Zehnzehnzehen, obwohl sich golden-oktjabernd-sonnig orgasmisch krümmend, verschlafen die Zahl des bereits verfrüht eingenommenen Schnappses samt seiner Betablocker. Morgens los, wie auch immer aus den Federn, das brünettblonde Ushachen aus ehedem-epidemischen WG-Vergeschwisterungs-Zeiten sprechend, derart verdichtet in der vom Sonntagnachmittagsschlaf vorgeschlafenen Nachtschreibe, die Zehen, „curly“ Krümmung:

— snip! —

Ein Erbe ganz Europas

Das Ensemble FarbKlang brachte im Studio-Filmtheater polnische Musik nach Europa und darüber hinaus.

Kiel. Chopins volksliedhafte Vertonungen von Gedichten seiner polnischen Dichterfreunde hat er selbst nicht veröffentlicht. Vielleicht auch, weil sie ihm, der bereits als 20-Jähriger nach Paris und Wien „emigrierte“, in die damaligen Zentren der Kunstmusik, zu „lokal“ erschienen. Wie das Ensemble FarbKlang bei seinem Matinee-Konzert als Spätlese des polnischen Kultursommers im Kieler Studio-Kino zeigt, ist aber gerade derartig „Regionales“ die Wiege einer gesamteuropäischen Kultur.

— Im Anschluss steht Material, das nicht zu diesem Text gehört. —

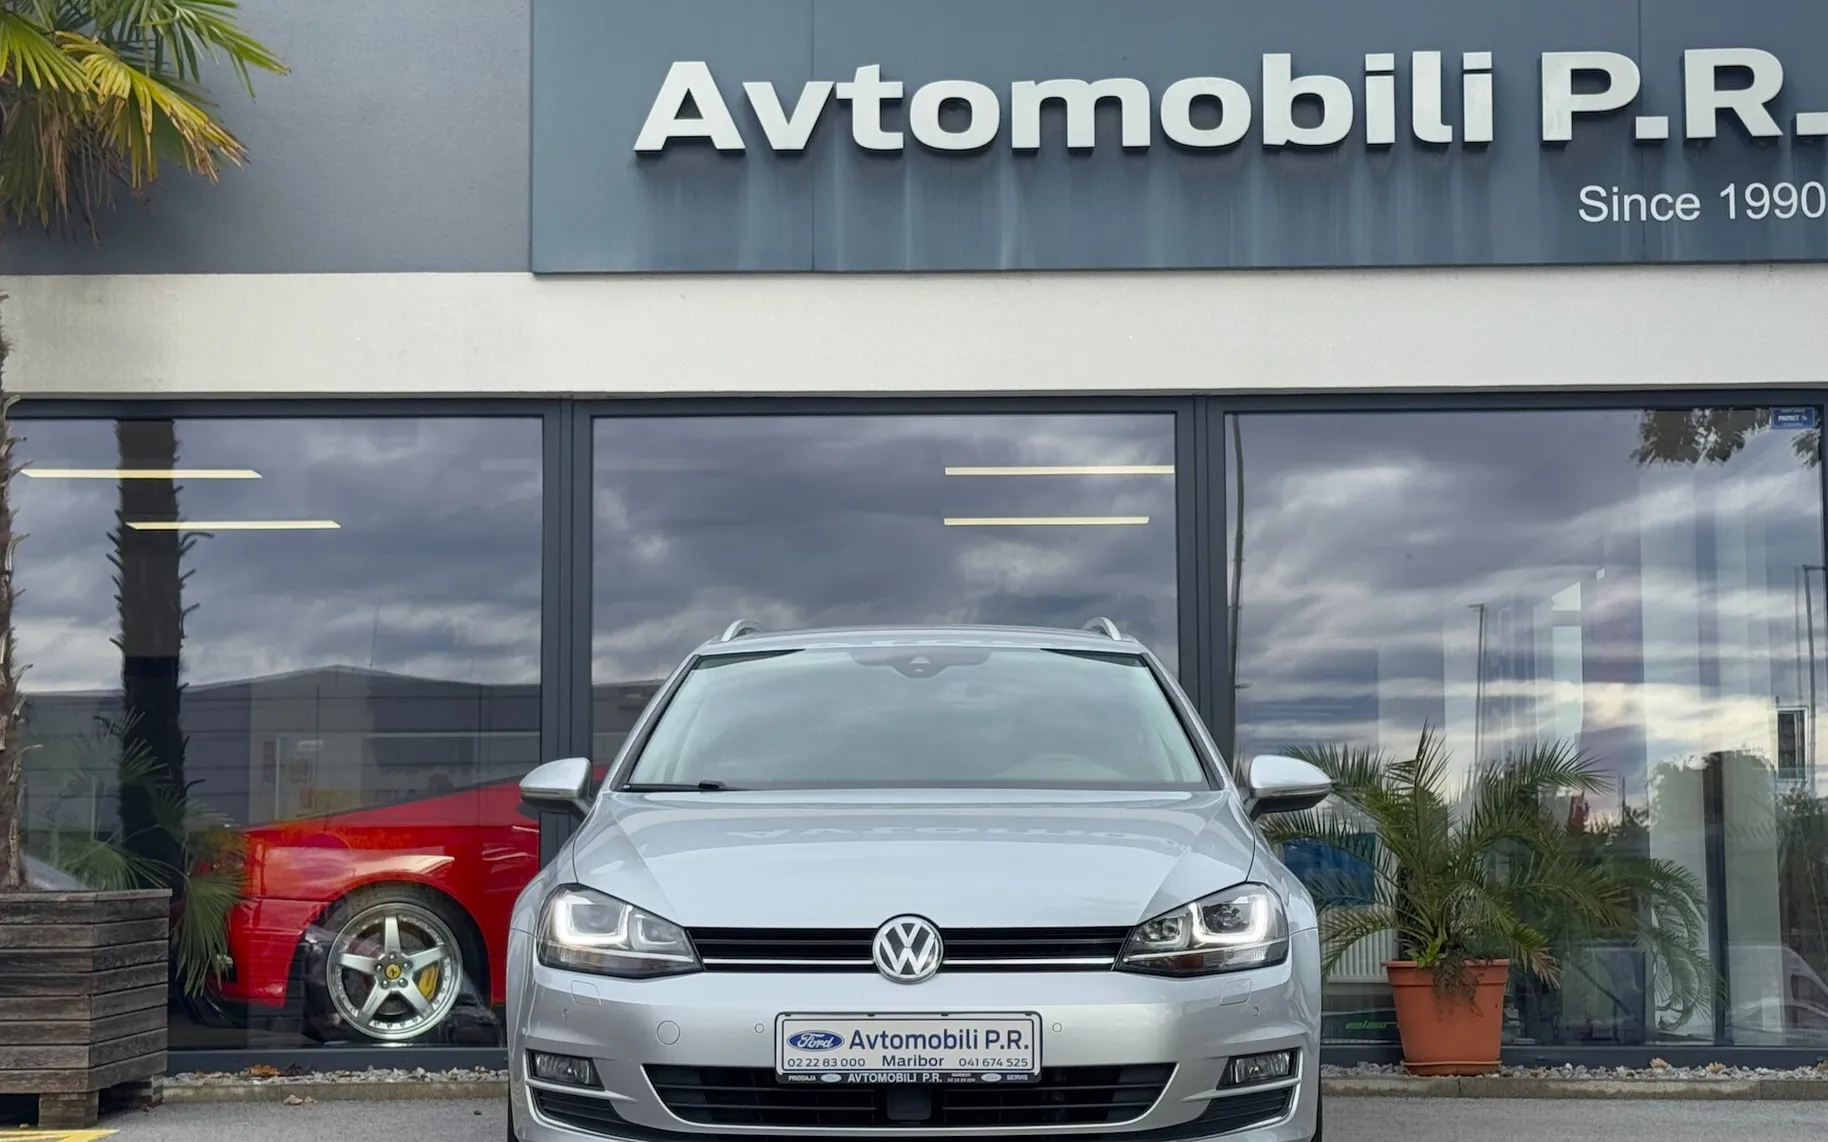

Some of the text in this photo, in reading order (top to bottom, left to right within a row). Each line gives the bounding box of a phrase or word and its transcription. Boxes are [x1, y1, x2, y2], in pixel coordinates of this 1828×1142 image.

[633, 47, 1828, 152] Avtomobili P.R.
[1578, 181, 1827, 222] Since 1990
[796, 1029, 1029, 1050] Ford Avtomobili P.R.
[881, 1055, 944, 1067] Maribor
[982, 1058, 1004, 1068] 674
[1006, 1058, 1028, 1068] 525
[788, 1074, 816, 1082] PRODAJA
[847, 1073, 917, 1083] AVTOMOBILI
[922, 1073, 943, 1083] P.R.

Als Chopin in seinen Jugendjahren mit den polnisch-jüdischen Klezmorin seiner Heimat geradezu „Jam-Sessions“ veranstaltete, nahm etwas einen Lauf, das später im Jazz Grenzen überschritt und heute in der Weltmusik ankommt. In seiner „Nocturne cis-Moll“ nahm er Polyrhythmik und den Groove des Jazz vorweg, und ergo hat das Werk keine Opus-Zahl, wurde von seinen Exegeten, die Chopin auf seine Klaviermusik und die romantische Klassik reduzierten, „rhythmisch angeglichen“. Grenzziehungen zwischen so genannt „U“ und „E“, die Christine K. Brückner (p., akk. und Komposition), Volker Linde (git., akk.), Usha Hoernes (voc., akk.) und Katja Reusch (voc., Blockflöte) aufheben in einem Crossover, das nur in alten Kategorien als solches benannt werden kann. In ihrem Konzert aus klassischer, Folk- und Filmmusik werden die Grenzen nicht „crossovernd“ überschritten, vielmehr macht das Quartett hörbar, dass es die Grenzziehungen eigentlich nie gab.

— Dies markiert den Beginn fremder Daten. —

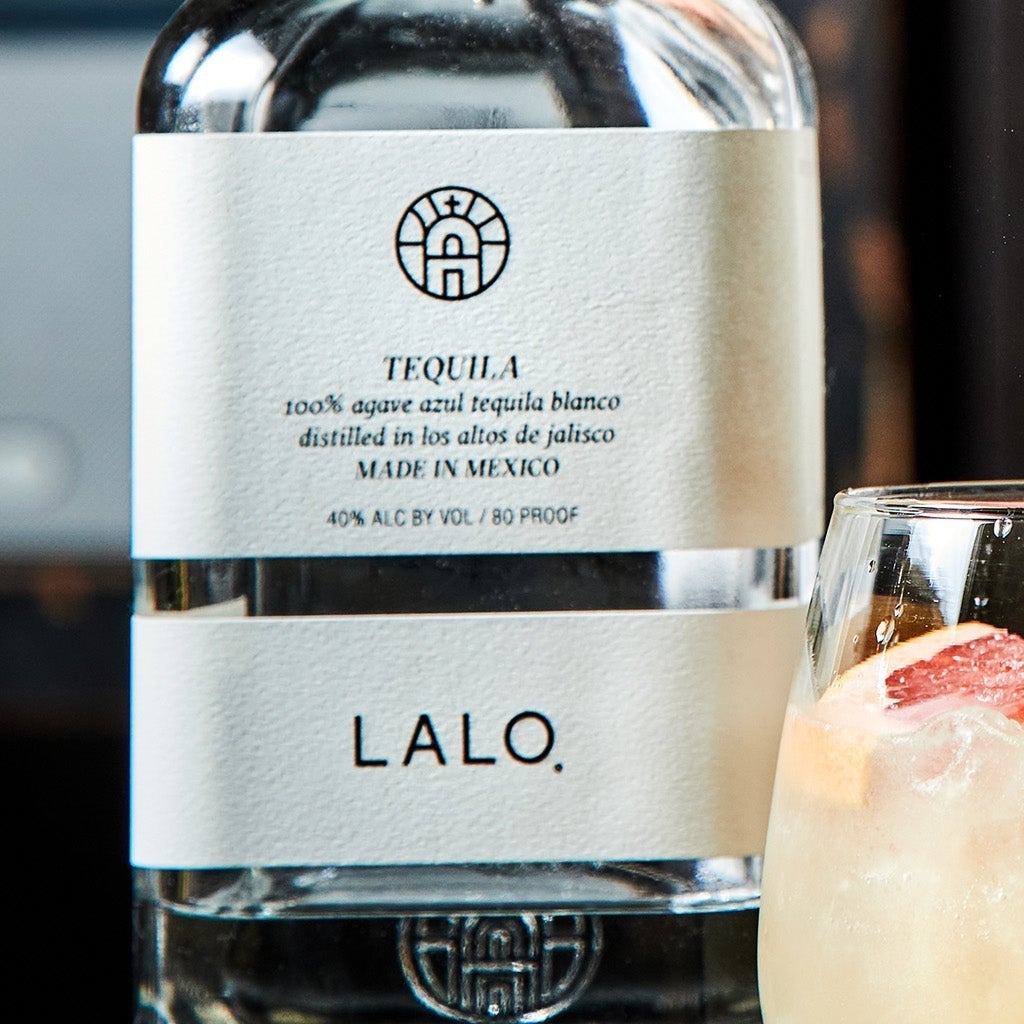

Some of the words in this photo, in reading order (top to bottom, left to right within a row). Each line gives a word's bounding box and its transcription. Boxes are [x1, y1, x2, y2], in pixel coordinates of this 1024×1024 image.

[383, 354, 519, 386] TEQUILA
[351, 399, 413, 420] agave
[419, 391, 464, 414] azul
[471, 390, 544, 418] tequila
[550, 390, 621, 412] blanco
[298, 425, 386, 448] distilled
[393, 425, 414, 447] in
[421, 425, 451, 446] los
[457, 424, 508, 446] altos
[515, 423, 540, 445] de
[544, 422, 616, 450] jalisco
[357, 459, 427, 480] MADE
[433, 459, 457, 479] IN
[467, 457, 560, 478] MEXICO
[326, 509, 365, 528] 40%
[371, 508, 406, 528] ALC
[411, 508, 433, 527] BY
[439, 508, 473, 527] VOL
[478, 507, 487, 525] /
[491, 508, 515, 526] 80
[520, 506, 578, 525] PROOF
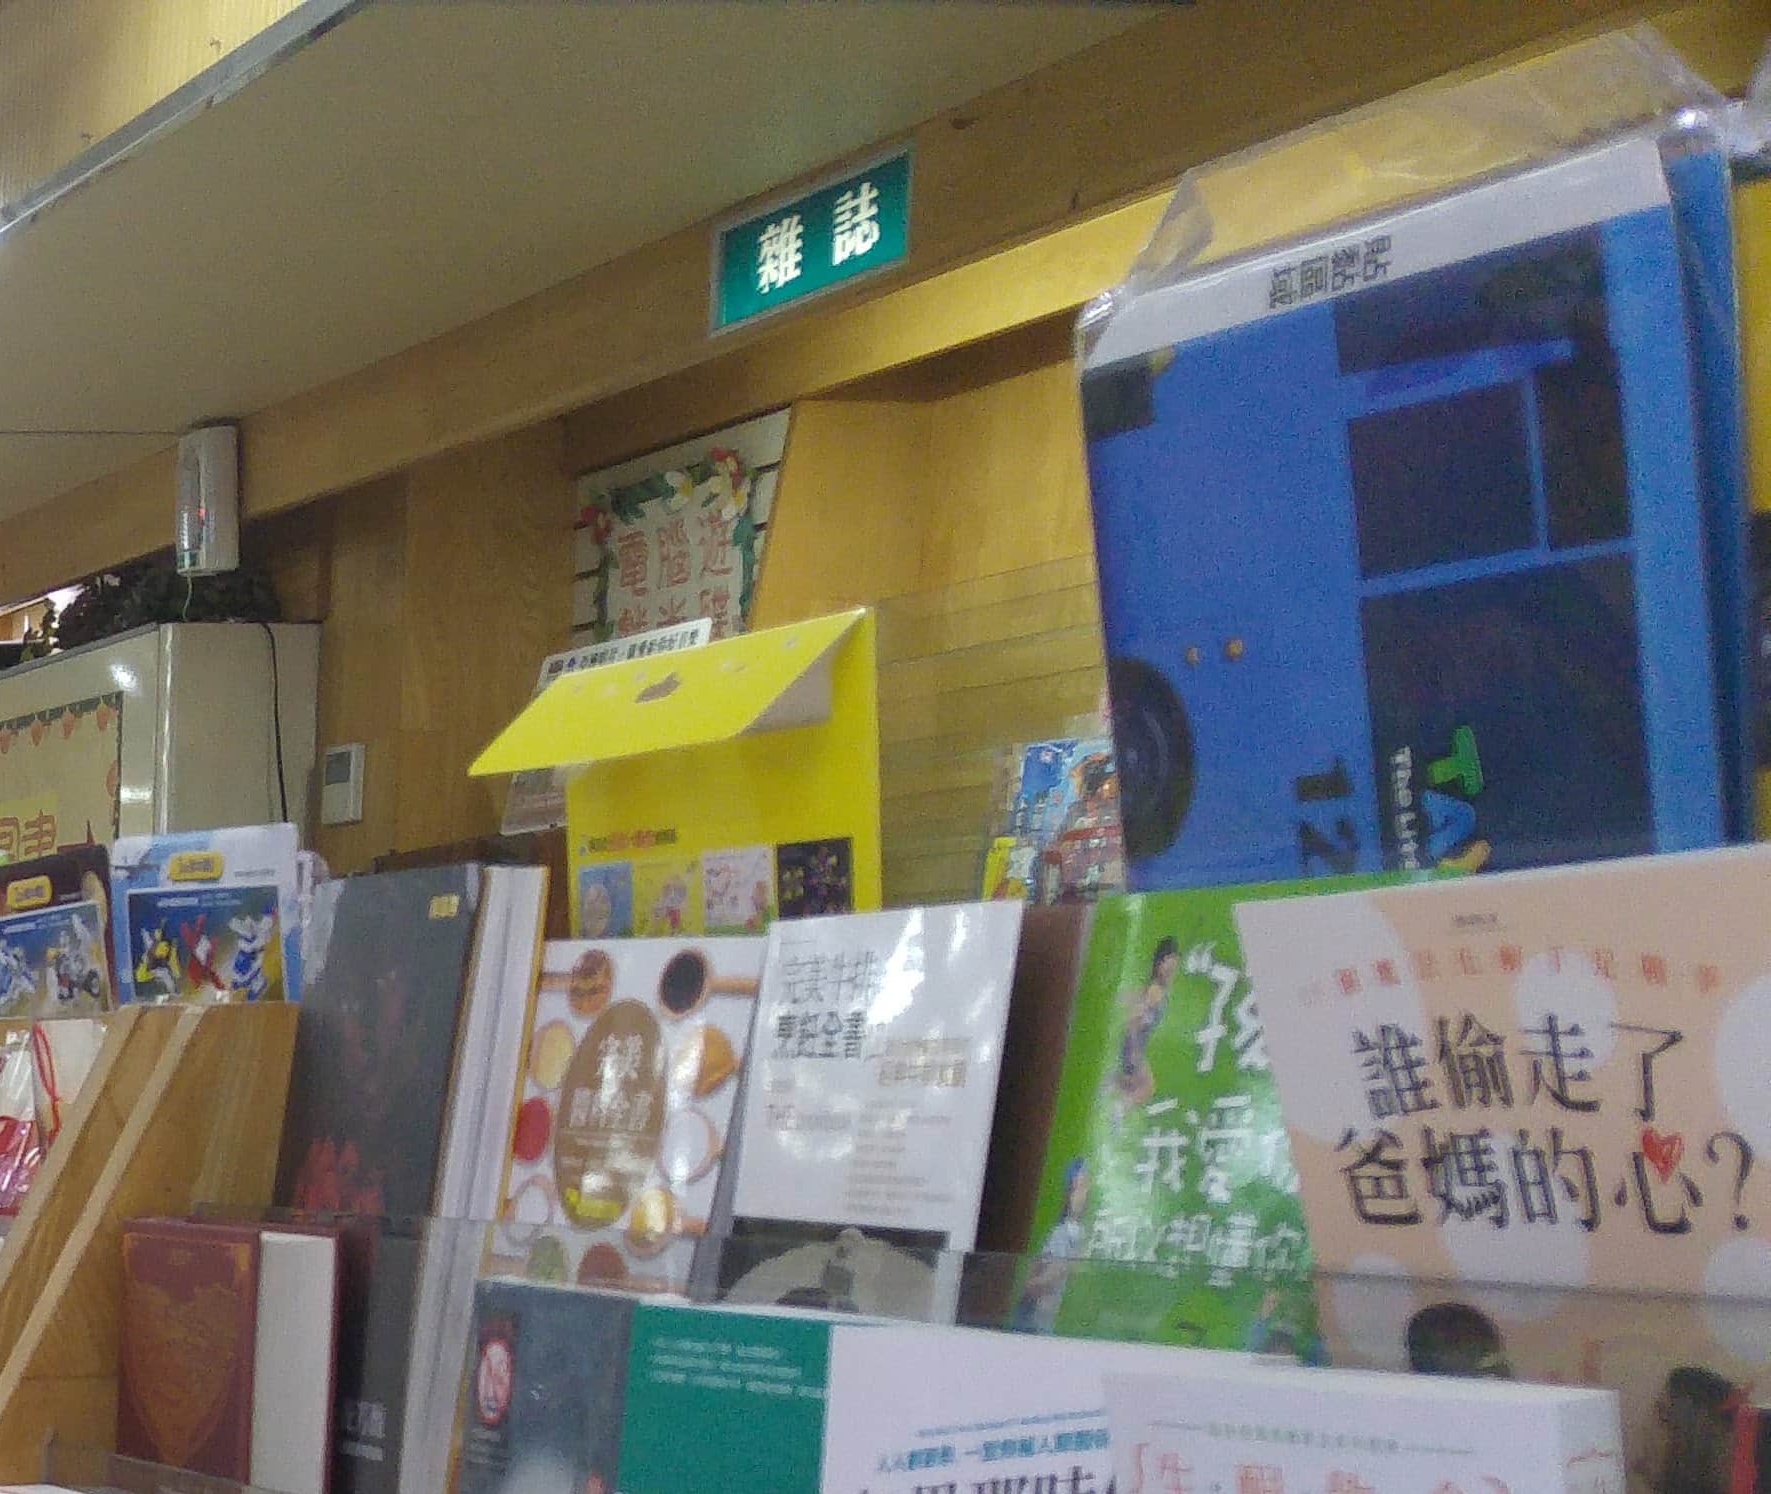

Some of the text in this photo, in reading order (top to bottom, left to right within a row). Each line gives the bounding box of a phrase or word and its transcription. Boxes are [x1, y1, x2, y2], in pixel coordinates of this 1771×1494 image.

[756, 181, 880, 296] 雜誌
[1352, 1011, 1684, 1123] 誰偷走了
[1337, 1124, 1755, 1239] 爸媽的心?

„Das ist ein Kosmopolit“, sagen sie daher auch zu manchem Lied, das schon immer ein – wenn auch regional geprägter – Europäer war. Etwa „Edelezi“, ein Lied der Roma, das sich seit den 20er Jahren in Windeseile auf dem ganzen Balkan und darüber hinaus verbreitete und in Emir Kusturicas „Time of the Gipsies“ filmmusikalische Verewigung fand. Nicht minder das jiddische Traditional „Miserlou“, das den Rembetiko in ganz Europa salonfähig machte. Nicht zu schweigen von dem Aufgriff der Musette wie des Tangos in den Filmmusiken von Georges Delerue und Boris Bassiak (Truffaut: „Jules et Jim“), Yann Tiersens Musik für „Die zauberhafte Welt der Amélie“ oder Zbigniew Preisners Soundtrack für Kieslowskis „Drei-Farben“-Trilogie.

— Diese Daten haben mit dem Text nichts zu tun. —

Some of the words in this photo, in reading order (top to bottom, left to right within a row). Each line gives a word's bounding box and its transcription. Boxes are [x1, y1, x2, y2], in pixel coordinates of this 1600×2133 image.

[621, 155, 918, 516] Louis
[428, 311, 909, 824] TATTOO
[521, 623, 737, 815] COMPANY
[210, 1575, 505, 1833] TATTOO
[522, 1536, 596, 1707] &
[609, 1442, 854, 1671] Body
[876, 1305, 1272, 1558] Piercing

Dieses einnehmende Erbe ganz Europas regiert, wenn FarbKlang sich in ihrem Programm „Polen in Europa“ durch beide schürfen, wenn sie musikalische Beziehungen offenlegen, die den Kontinent formten, prägten und seine Grenzen in ein jeweilig Diesseitiges verwandeln. Ein Gemeinschaftserlebnis, das auch der gegenwärtigen Diskussion über Integration einen klingenden Beitrag liefert: Integration ist nicht Assimilation, sondern Wahrung der je eigenen Kulturen im Konzert einer schon immer vorhandenen Einig- und liebend respektvollen Zwei- und Mehrsamkeit.